Solana 用户遭恶意 NPM 包窃取私钥事件分析

事件背景

近日，一位用户在使用某开源项目后遭遇资产被盗，经安全团队调查发现这是一起涉及恶意 NPM 包的攻击事件。攻击者通过在 GitHub 上伪装合法项目，诱使用户下载并运行含有恶意代码的程序，从而窃取用户的钱包私钥。

攻击手法分析

安全团队对涉事 GitHub 项目进行了深入分析。该项目虽然拥有较高的 Star 和 Fork 数量，但其代码更新异常集中，缺乏持续维护的特征。
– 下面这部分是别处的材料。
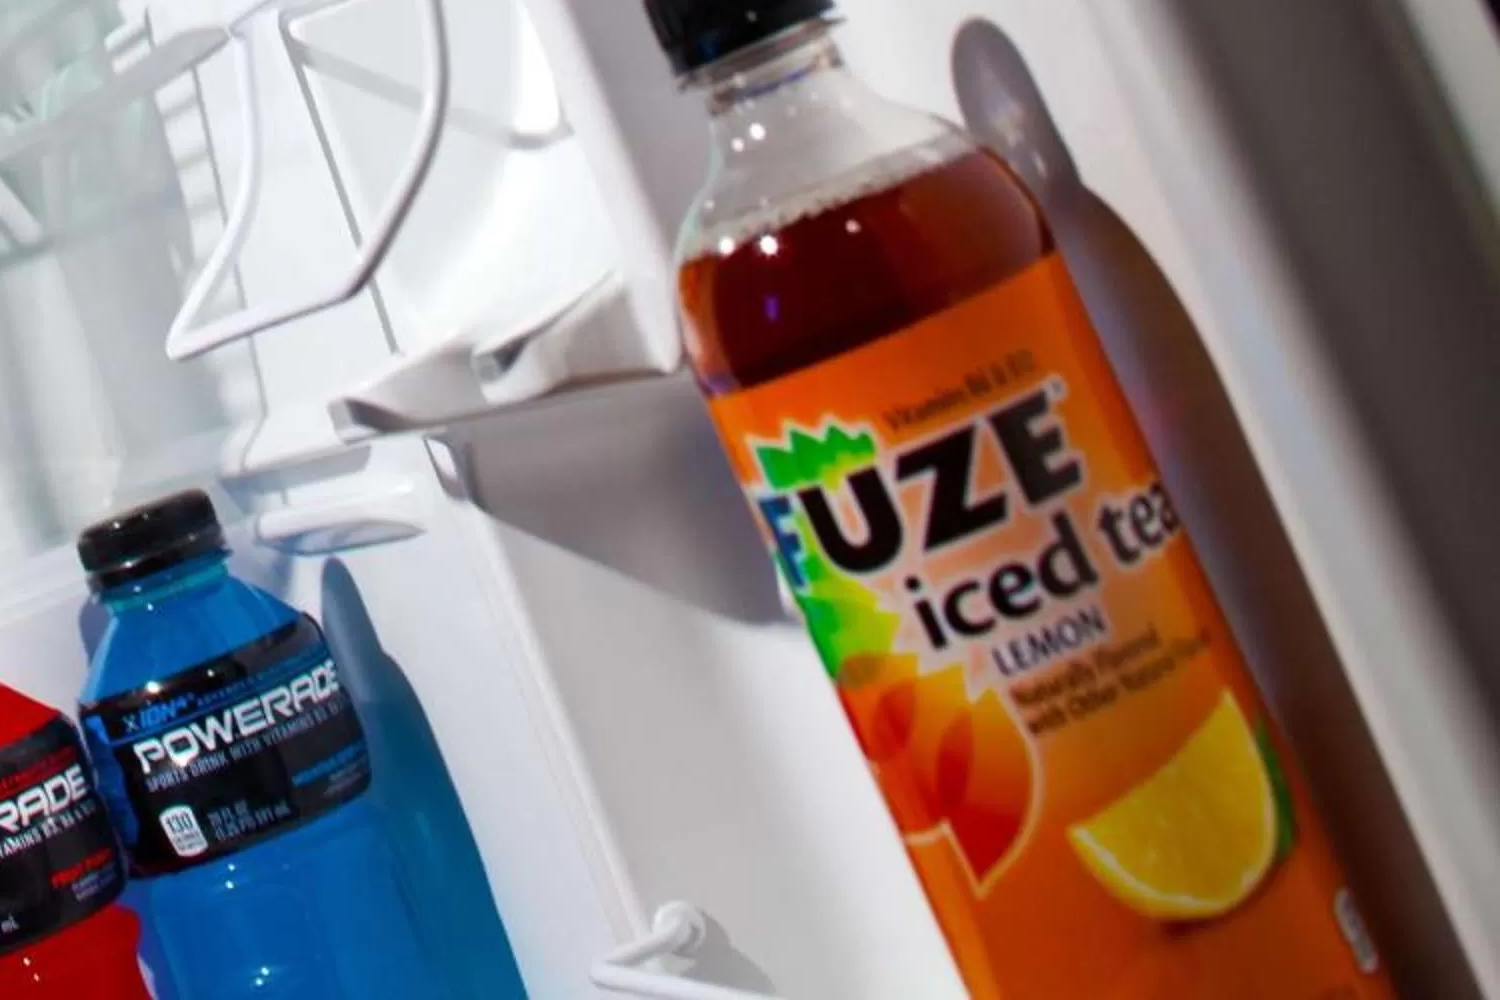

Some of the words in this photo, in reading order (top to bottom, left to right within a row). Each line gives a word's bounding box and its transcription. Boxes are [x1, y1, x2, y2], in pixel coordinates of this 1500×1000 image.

进一步调查发现，项目依赖了一个名为 crypto-layout-utils 的可疑第三方包。该包已被 NPM 官方下架，且指定版本不存在于官方历史记录中。

攻击者通过修改 package-lock.json 文件，将依赖包下载链接替换为自己控制的 GitHub 仓库地址，绕过了 NPM 的安全审核。

下载并分析这个可疑依赖包后，发现其代码经过高度混淆。解混淆后确认这是一个恶意 NPM 包，其功能包括：

1. 扫描用户电脑上的敏感文件和目录
2. 寻找包含钱包或私钥相关的内容
3. 将发现的敏感信息上传至攻击者控制的服务器

此外，攻击者还控制了多个 GitHub 账号来 Fork 恶意项目，抬高项目热度，扩大传播范围。

攻击影响

受害用户在毫无防备的情况下运行了携带恶意依赖的 Node.js 项目，导致钱包私钥泄露、加密资产被盗。

通过链上分析工具追踪，部分被盗资金已被转移至某交易平台。

安全建议

1. 谨慎对待来源不明的 GitHub 项目，尤其是涉及钱包或私钥操作的项目。
2. 在独立且无敏感数据的环境中运行和调试未知项目。
3. 开发者应加强对第三方依赖包的安全审查。
4. 用户应定期更新安全软件，并保持警惕。

相关信息

安全团队已识别出多个涉及此类攻击的 GitHub 仓库和恶意 NPM 包。建议开发者和用户提高警惕，避免使用这些已知的恶意资源。

此类攻击结合了社会工程和技术手段，具有较强的隐蔽性和欺骗性。即便是在组织内部，也很难完全防御此类攻击。因此，提高安全意识、加强代码审查和环境隔离显得尤为重要。